- **EXERCISE AIM**
Your copy must hold all of the data below, unchanged and without images.

═══ PROVIDED RECORDS

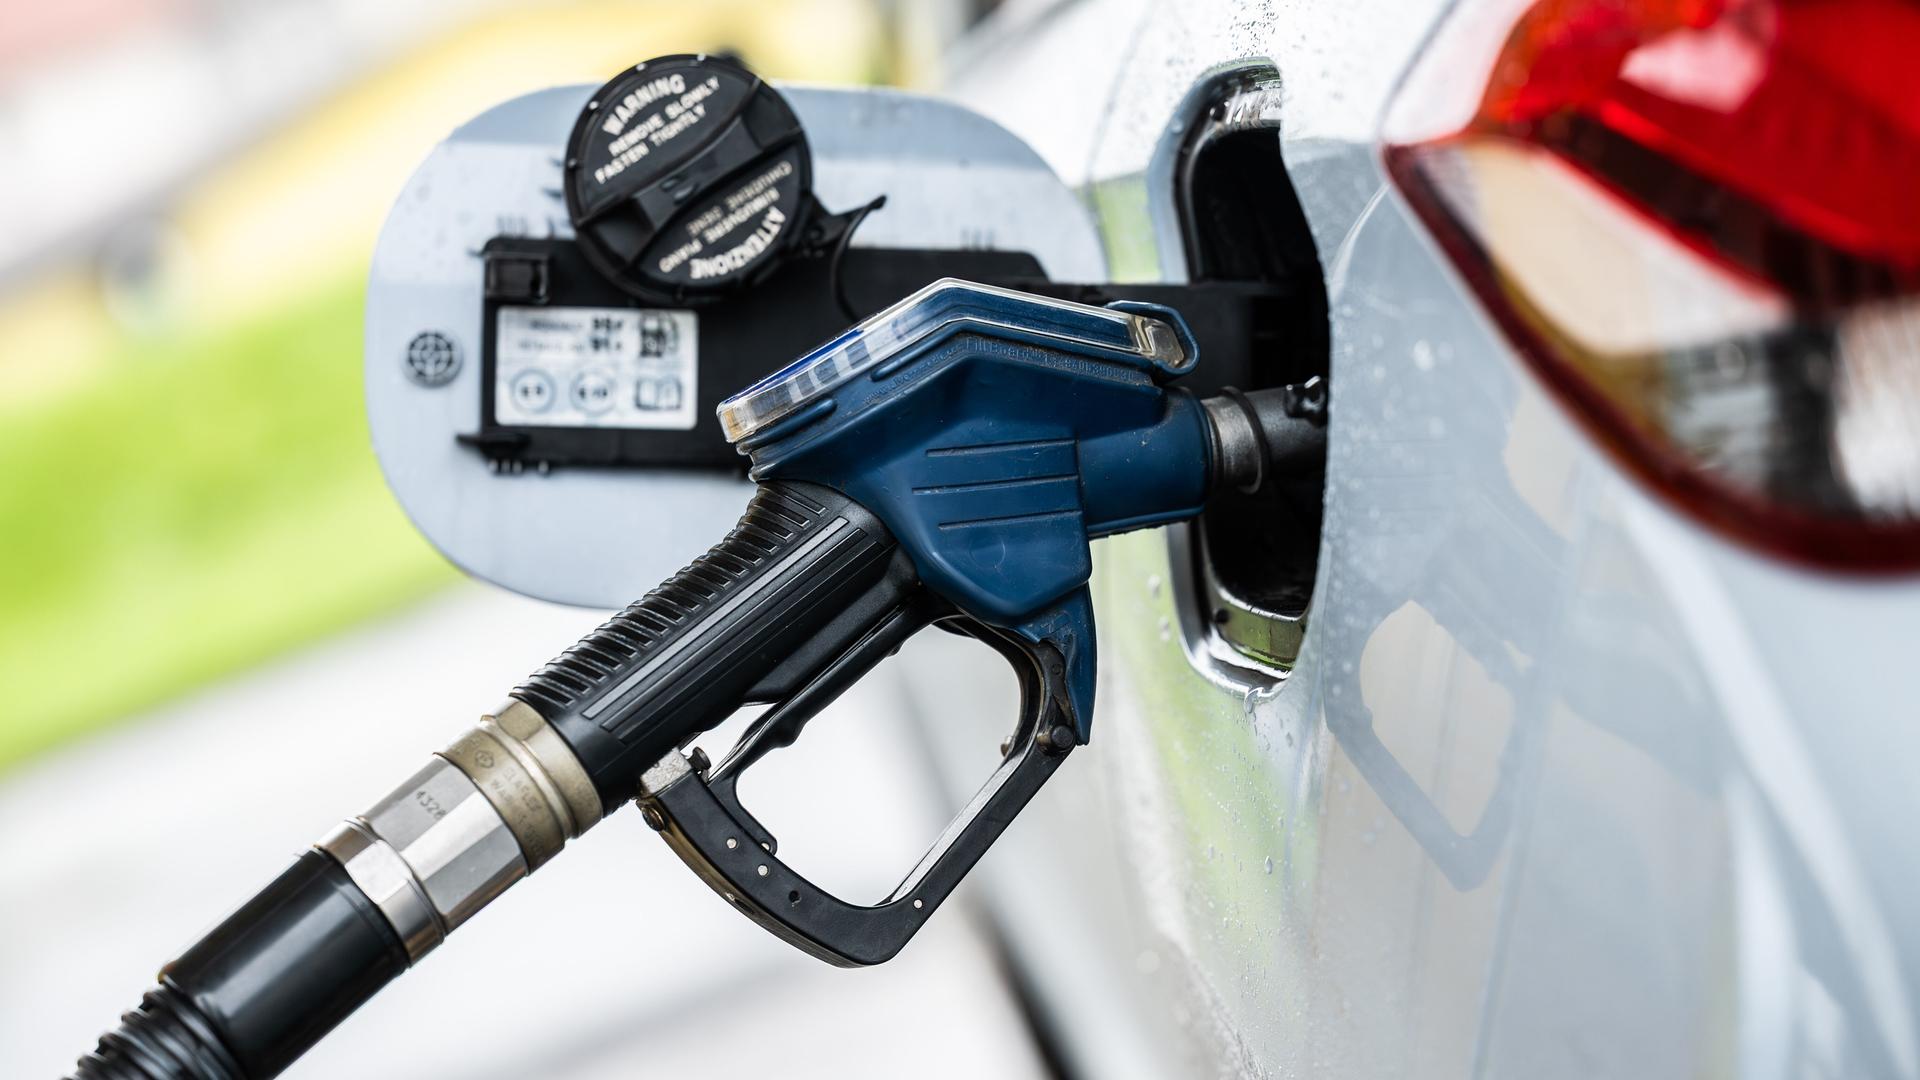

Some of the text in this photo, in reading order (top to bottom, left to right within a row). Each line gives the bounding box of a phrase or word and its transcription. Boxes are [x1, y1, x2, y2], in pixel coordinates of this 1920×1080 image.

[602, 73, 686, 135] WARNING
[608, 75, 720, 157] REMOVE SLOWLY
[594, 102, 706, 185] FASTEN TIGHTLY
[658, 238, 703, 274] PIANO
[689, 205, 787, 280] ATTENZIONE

══════

- **RESPONSE AREA**
Some of the text in this photo, in reading order (top to bottom, left to right within a row). Each line gives the bounding box of a phrase or word and its transcription. Boxes are [x1, y1, x2, y2], in pixel coordinates of this 1920×1080 image.

[602, 73, 686, 135] WARNING
[608, 75, 720, 157] REMOVE SLOWLY
[594, 102, 706, 185] FASTEN TIGHTLY
[658, 238, 703, 274] PIANO
[689, 205, 787, 280] ATTENZIONE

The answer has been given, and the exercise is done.